Il potere performante della mente

Pubblicato il 29 aprile, 2014  / Crescita Personale
Il potere performante della mente

 

Lo sapevi che più del 70% dei risultati che una persona può ottenere dipende, non dall’allenamento fisico o dalla preparazione tecnica, ma dalla sua mente???!!!

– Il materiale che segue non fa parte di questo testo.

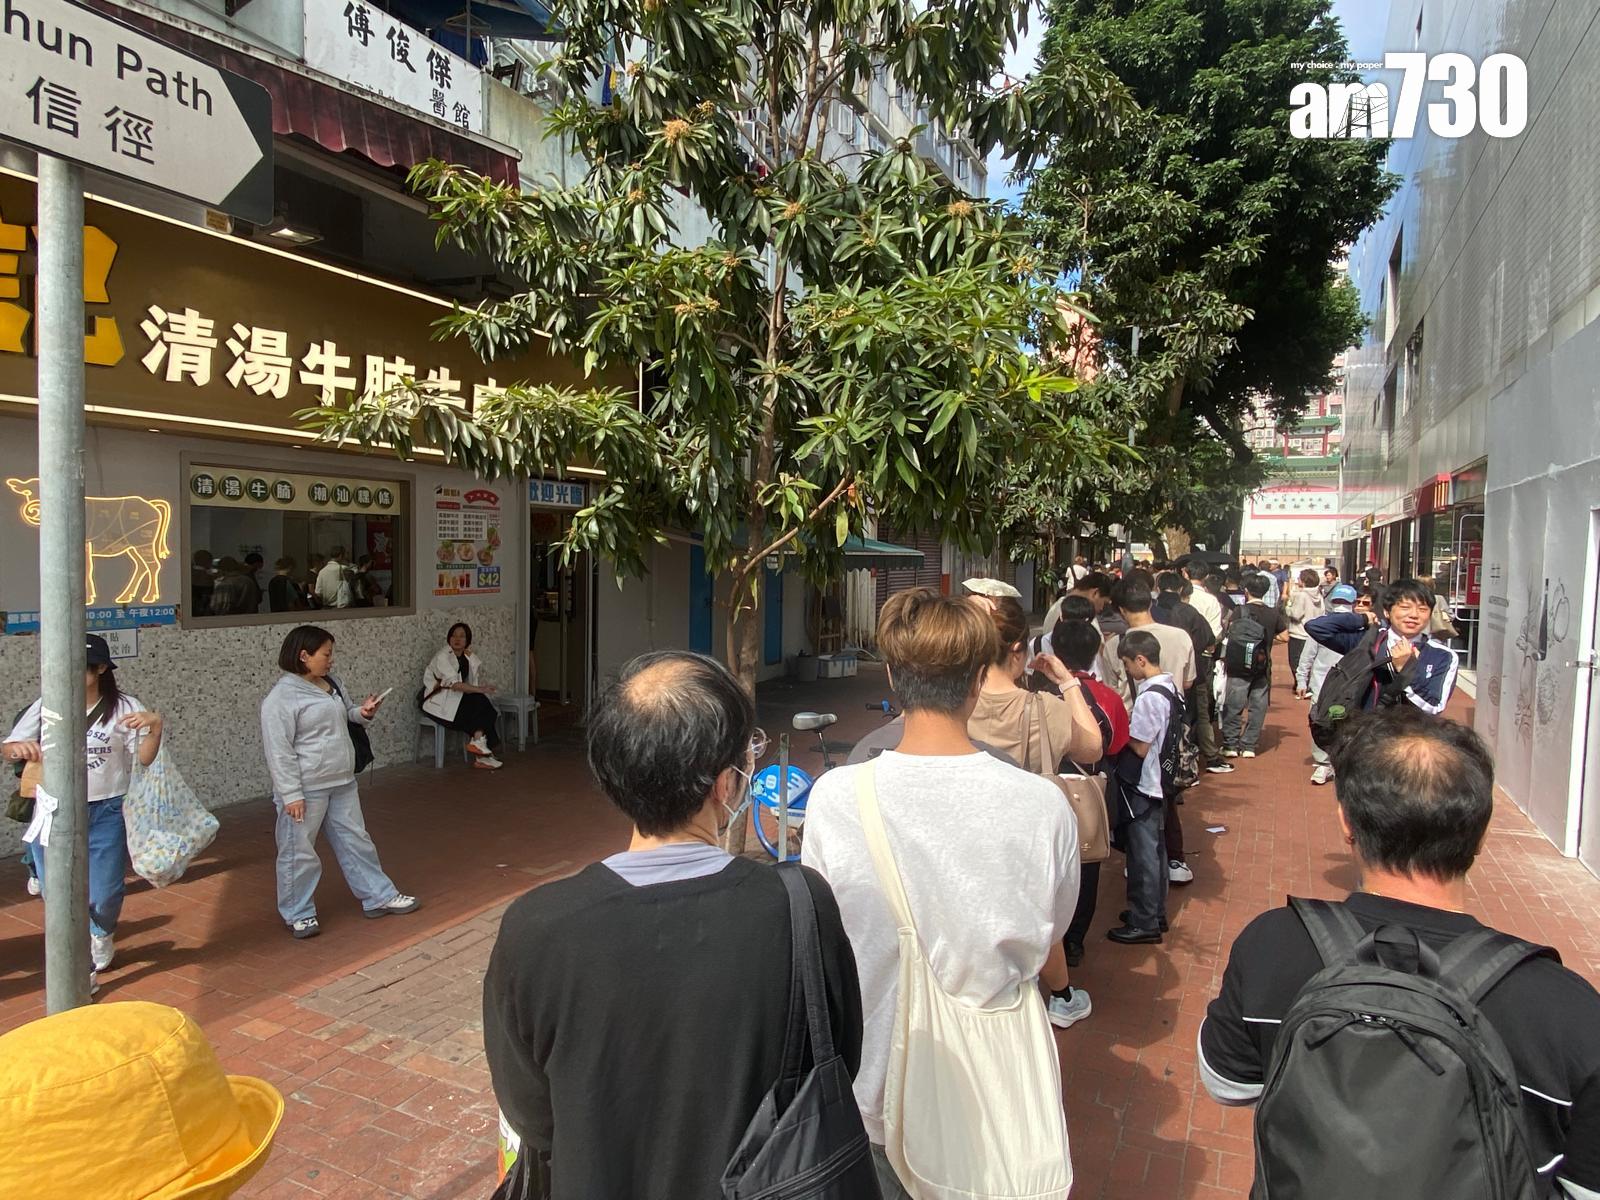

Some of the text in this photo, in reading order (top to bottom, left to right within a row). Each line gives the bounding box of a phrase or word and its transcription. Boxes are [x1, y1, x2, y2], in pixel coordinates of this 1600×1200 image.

[343, 0, 452, 89] 傅俊傑
[117, 43, 213, 116] Path
[25, 76, 155, 165] 信徑
[430, 88, 470, 130] 醫館
[197, 477, 291, 500] 清湯牛腩
[478, 572, 500, 586] $42
[94, 731, 111, 744] SEA
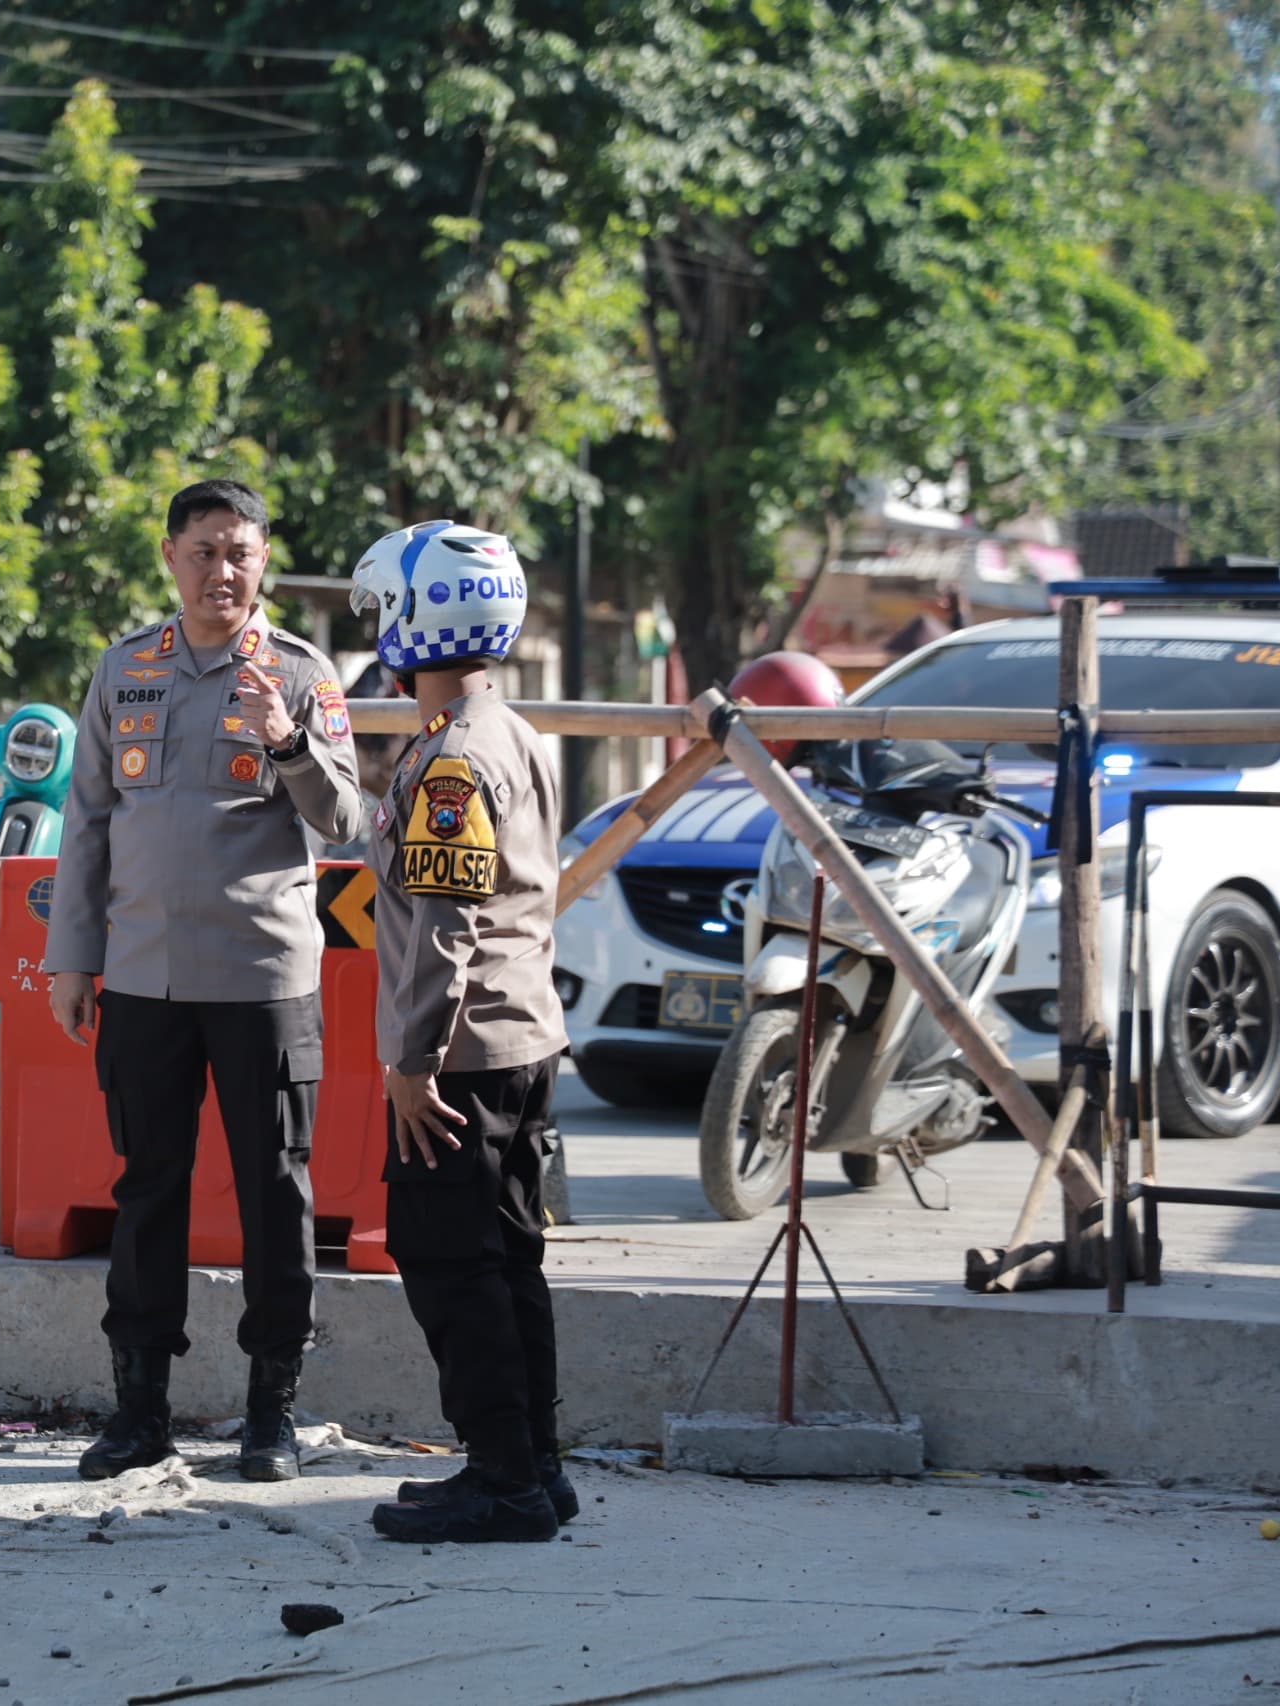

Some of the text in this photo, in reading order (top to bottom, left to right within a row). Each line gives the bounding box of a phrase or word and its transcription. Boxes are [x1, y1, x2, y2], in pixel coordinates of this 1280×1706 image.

[458, 576, 525, 602] POLIS
[117, 689, 166, 704] BOBBY
[17, 957, 46, 973] P-A

“Un militare Americano, il colonnello George Hall, venne tenuto prigioniero in Vietnam per alcuni anni in condizioni devastanti per la sua buona salute. Senza dubbio non gli fu possibile praticare il suo sport preferito, il Golf. Per tenere la mente occupata e mantenere il suo equilibrio mentale, giocava mentalmente un giro di golf sul suo campo preferito, almeno una volta al giorno, questo per tutto il periodo di cinque anni e mezzo in cui rimase prigioniero e nonostante venne tenuto in isolamento in una cella 2,5 X 2,5m. Prima di partire per il Vietnam aveva raggiunto uno specifico livello professionistico di gioco. Cinque anni e mezzo più tardi, al suo ritorno, gli venne chiesto di giocare un giro con i suoi amici. Con loro meraviglia, e nonostante le sue deboli condizioni fisiche, giocò immediatamente allo stesso livello professionistico che aveva in passato. Quando gli amici espressero il loro stupore e dissero che non aveva giocato per cinque anni e mezzo, rispose che, al contrario, aveva giocato mentalmente ogni giorno, per l’intero periodo, e che conosceva ogni filo d’erba, ogni ostacolo e ogni tiro che avesse mai effettuato.”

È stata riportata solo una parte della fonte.